I’ve been spending a good deal of time lately crafting a rigid structure for my current comic book project. This structure applies not only to the story I am telling, but also the logistics of how many pages it would be, and deadlines for when different pieces of the story have to be done to produce it the way I wanted, by when I want it.
I’ve written the overall plot at least 3 different times, moving from bullet point ideas to concept elaboration paragraphs to one draft design specifically to calculate page count estimates. Each time through I have enhanced, refined, and better applied the teachings I learned from Ty Templeton’s writing courses. It behooves me to understand and internalize the lessons I have available to me from the wonderful resources I have had made available to me. This project, while significantly lengthier, is built upon my understanding of his lessons which I have already put into practice by creating a spec script for his class. That experience taught me to trust his structures for telling engaging and exciting stories. It excites me to move through the five act structure and plot out the exact story beats and then build out, expanding to fill in the minutiae, the things that get you lost in the excitement so that the story doesn’t feel too obvious. It’s like a game, a puzzle I am solving, where my only goal is to one up myself and do a better job at hitting the targets I have in sight.
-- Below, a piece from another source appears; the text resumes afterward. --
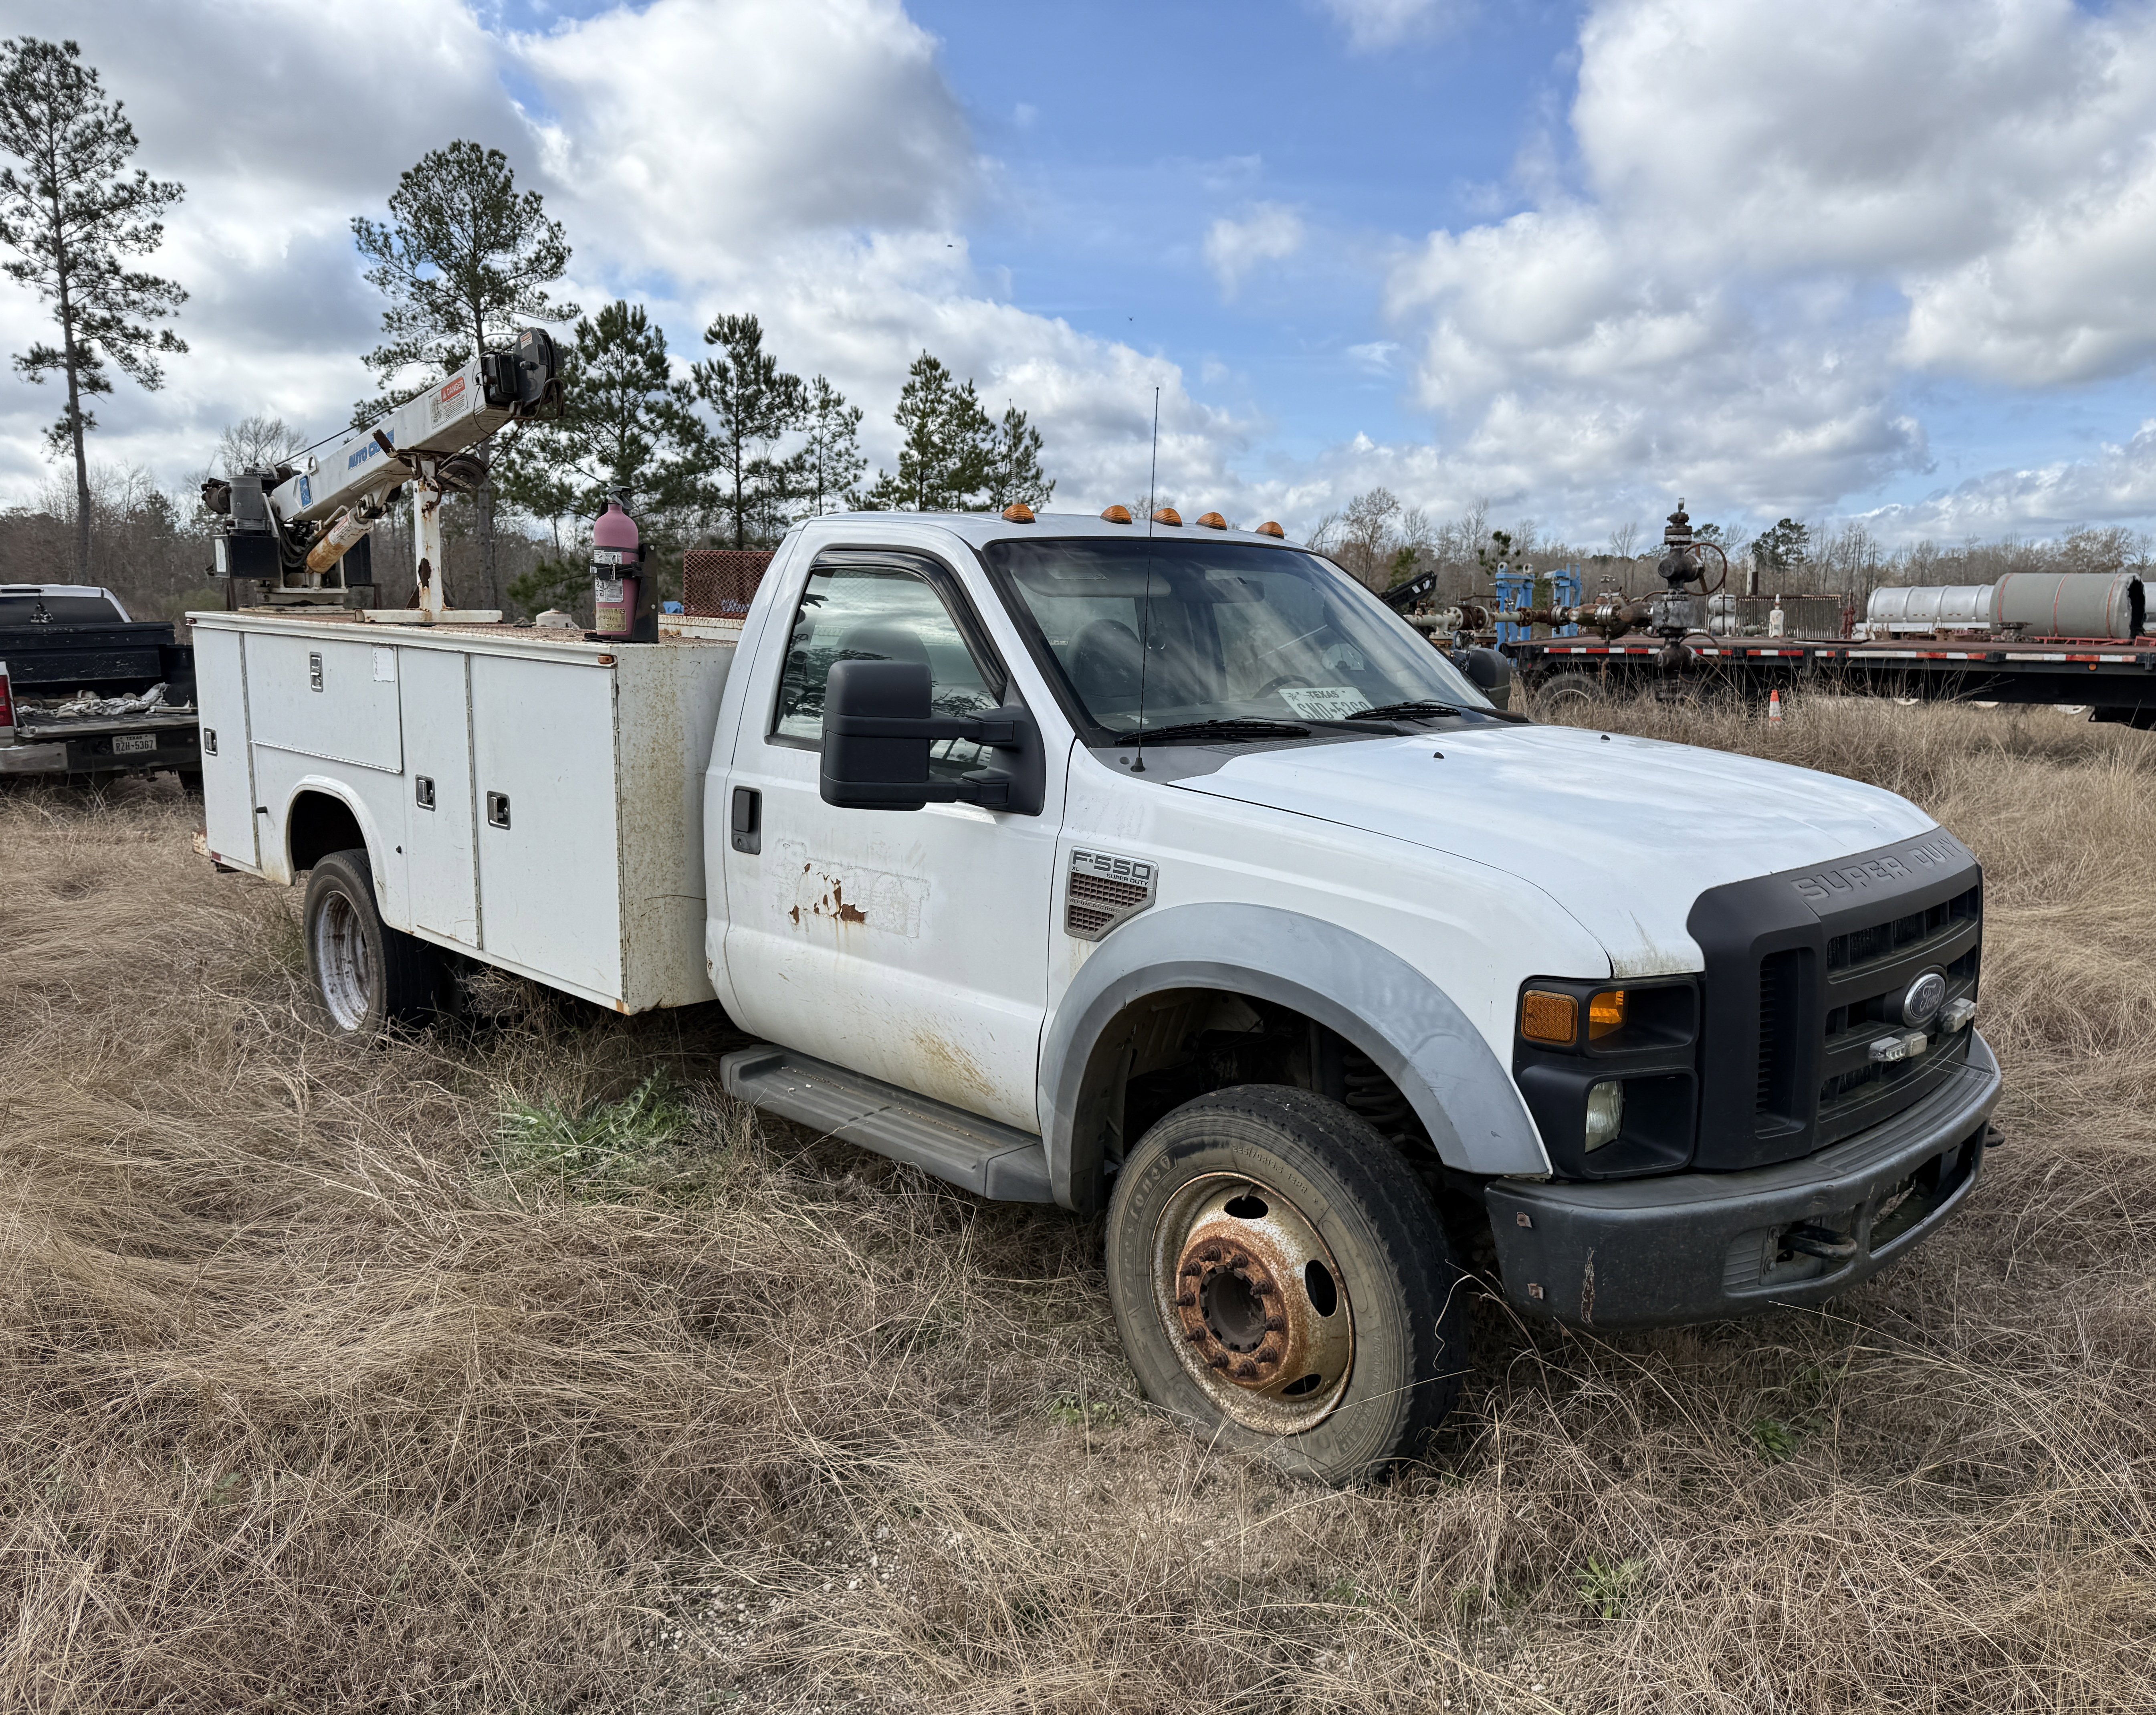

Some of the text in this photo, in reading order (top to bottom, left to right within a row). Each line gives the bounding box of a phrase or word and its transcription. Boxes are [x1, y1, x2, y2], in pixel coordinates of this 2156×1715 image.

It’s not the easiest thing to do, and it almost works better when you are telling small stories with compact page counts. But that’s most likely my inexperience talking. I’ve many lessons to teach myself by practicing these skills, but I have recognized the benefit. I recognized the potential back when I first took part in my first class with Ty, but it wasn’t until I had completed my first script under his tutelage and gotten his feed back at the end of my third set of classes with him that I recognized how much his lessons had benefited me.
It’s late and I’ve had little sleep, but I am excited by the future I see for this project, and I am looking forward to hitting each milestone as I plan it out and execute it with clear understanding of my direction. It’s an evolving organism, a story at the phase before you have panels described and dialogue delicately drafted. I know that by the end of June I want every broad stroke planned and the prologue and first act penned to the very last word of dialogue. I have the tools to chase this down, organize it, and successfully execute it in a marketable fashion because of Ty.
If you’ve ever been interested in writing for a living, and you are in the Greater Toronto Area, I would highly recommend you take classes with Ty Templeton’s Comic Book Boot Camp. He helped me to reach over the threshold and really understand how to write a well-structured, exciting story.